Corporate America is delivering strong earnings this quarter, easing concerns about the broader economy even as rising energy prices pose risks. Economic uncertainty stemming from the Iran war, persistent inflation, and declining consumer confidence have not derailed first-quarter results.

Q1 Earnings Highlights: Winners and Losers

Companies Reporting Strong Performance

  • Uber: The ride-hailing giant reported a 25% increase in bookings. CEO Dara Khosrowshahi told CNBC,
    "The consumers are spending, they're spending locally, and we don't see any signs of that weakening at this point."
  • Disney: All three of its divisions—entertainment, experiences, and sports—posted better-than-expected operating income. The company noted that park attendance remains at a "healthy" pace.
  • CVS Health: The drugstore chain and Aetna owner raised its 2026 earnings guidance after medical costs declined sharply.
  • Novo Nordisk: The maker of GLP-1 drugs increased its guidance following the strong start of its first oral weight loss pill, which has already garnered 2 million prescriptions.

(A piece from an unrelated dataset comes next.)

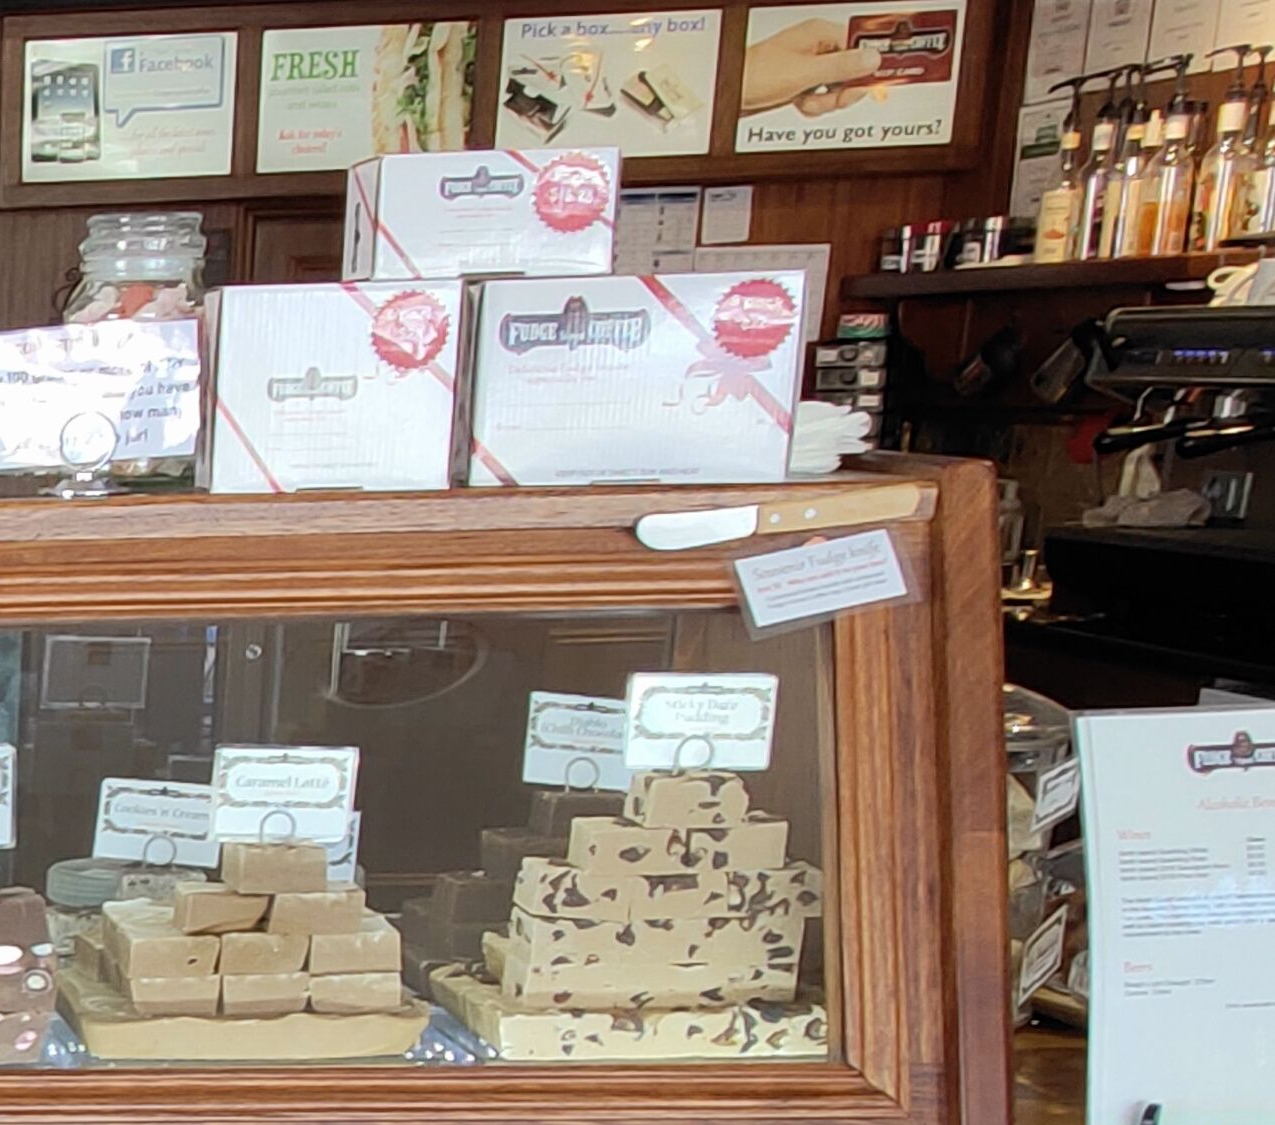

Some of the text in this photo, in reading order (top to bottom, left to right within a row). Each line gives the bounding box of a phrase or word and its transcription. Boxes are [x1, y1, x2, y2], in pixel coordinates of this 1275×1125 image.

Industry-Specific Challenges

  • Spirit Airlines: The airline collapsed amid soaring jet fuel prices, highlighting the potential economic damage from the Iran war.
  • Restaurant Brands International: The parent company of Burger King, Tim Hortons, and Popeyes reported a 6.5% drop in comparable sales—the worst quarterly performance in at least 20 years, according to Restaurant Business Magazine.

Broader Market Trends

As of mid-earnings season, 84% of S&P 500 companies have topped earnings estimates, according to FactSet. This exceeds the five-year average of 78%.

"Both the percentage of S&P 500 companies reporting positive earnings surprises and the magnitude of earnings surprises are above recent averages," FactSet reported.

Deutsche Bank researchers described the season as "one of the best in 20 years."

All 11 top-level S&P 500 sectors—including technology, healthcare, and industrials—are expected to show year-over-year earnings growth for the first time in four years.

The Bigger Picture

While corporate earnings are not a perfect indicator of economic health, they provide a strong signal of resilience. However, sector-specific struggles—particularly in airlines and fast food—underscore ongoing vulnerabilities tied to energy costs and consumer behavior.